Oltre la metà dei dipendenti dello Stato è nata in Meridione

 

 

MILANO- Oltre la metà dei dipendenti pubblici, il 54%, è nata al Sud o nelle isole. Una percentuale che sale al 57,9% fra i magistrati. Lo rileva la ragioneria generale dello Stato che in un'indagine su un milione e 200mila dipendenti prende in esame le regioni di nascita e di servizio. Il personale interessato all'indagine appartiene ai ministeri, alla scuola, alla magistratura.

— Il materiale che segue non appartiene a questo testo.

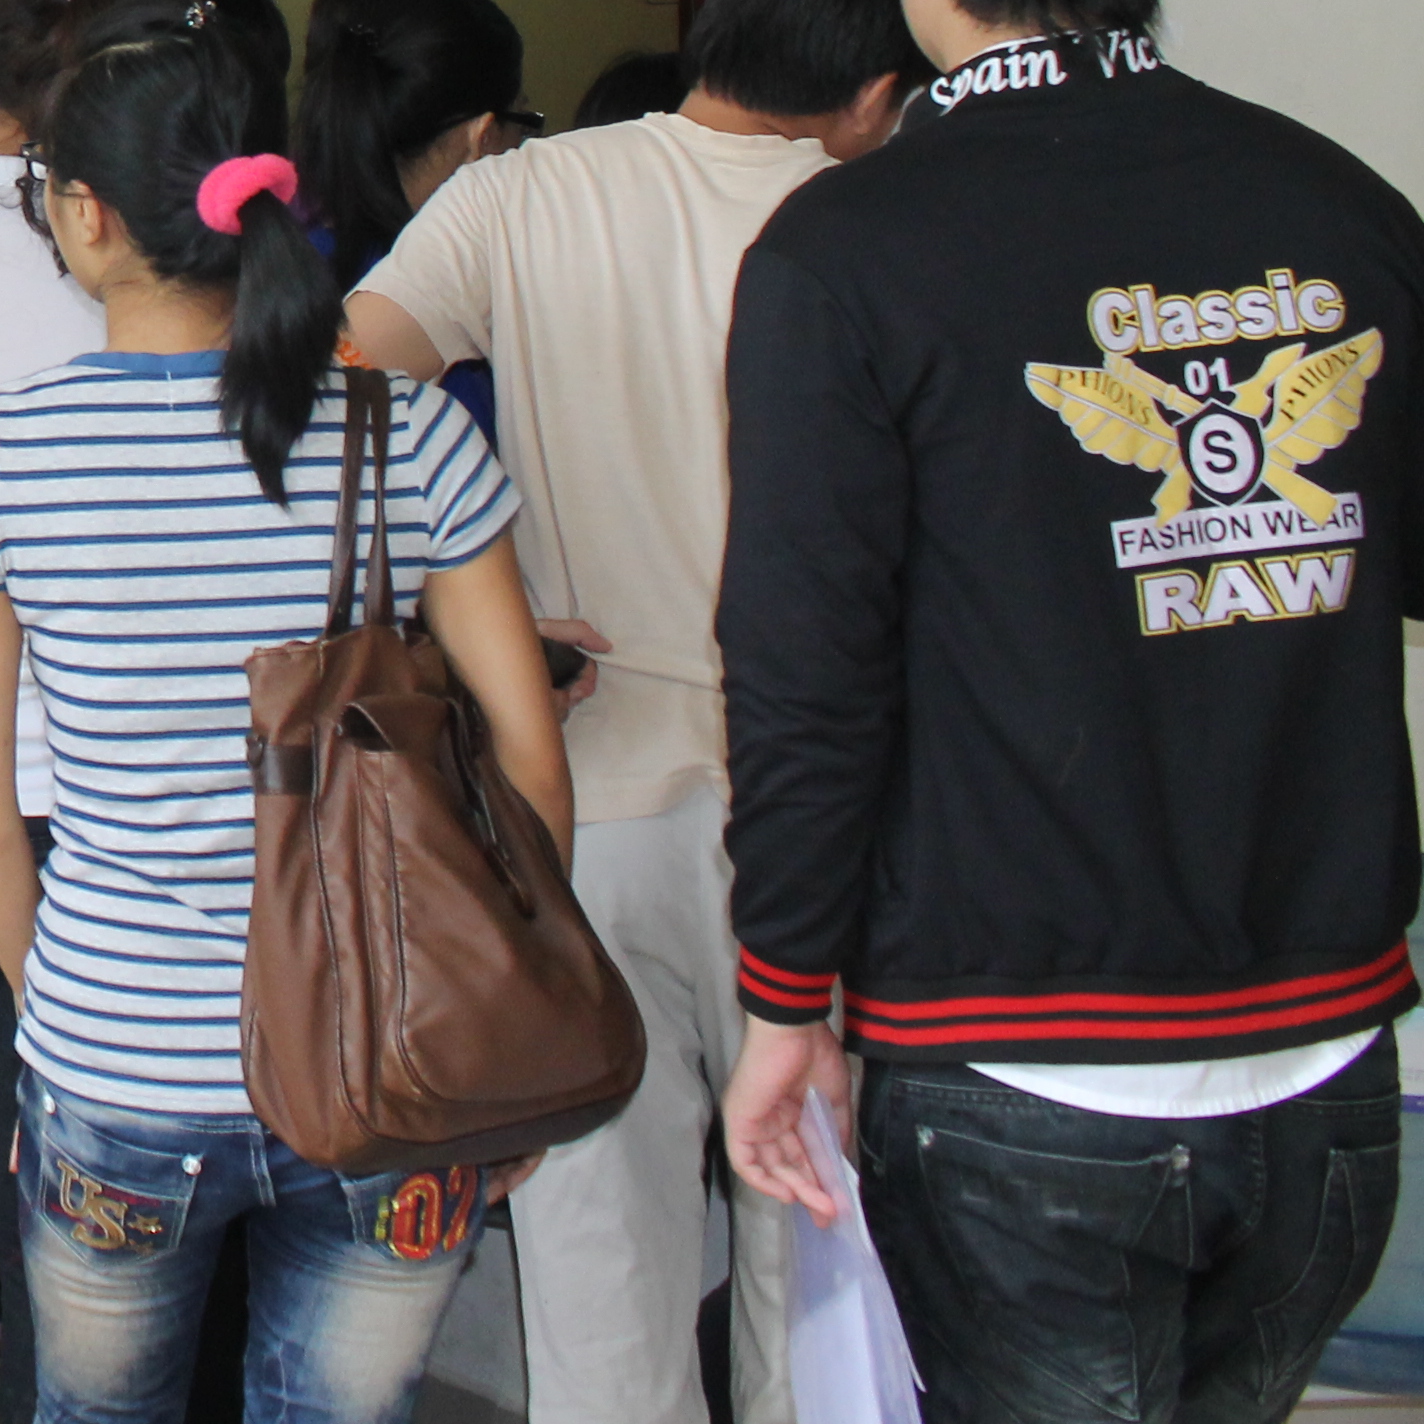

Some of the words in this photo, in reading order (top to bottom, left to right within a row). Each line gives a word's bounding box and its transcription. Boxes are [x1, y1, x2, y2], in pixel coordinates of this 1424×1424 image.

Del numero complessivo di impiegati, il 34,6% è nato al Nord, il 18,9% al Centro, il 54% al Sud o nelle isole; il 34% lavora al Nord, il 22,8% al Centro, il 42,6% al Sud o nelle Isole. Inoltre, il 23,6% del personale meridionale è emigrato; al Nord rispetto ad una popolazione del 44,5% il personale statale è pari al 34,6%; inverso il rapporto al Sud e alle Isole: con una popolazione pari al 36,4% il personale è pari al 42,6 per cento.

Il fenomeno migratorio - sottolinea la Ragioneria generale dello Stato in un comunicato - è "più accentuato nei ministeri che nella scuola, nel senso che la scuola assicura occupazione maggiore nei luoghi di nascita a differenza di quanto avviene nei ministeri". Delle quasi 400mila donne del meridione il 13,7% migra al Nord e 8,8% al Centro.

La Ragioneria generale dello Stato rileva inoltre il particolare caso della magistratura dove il 57,9% è nato al Sud e nelle Isole.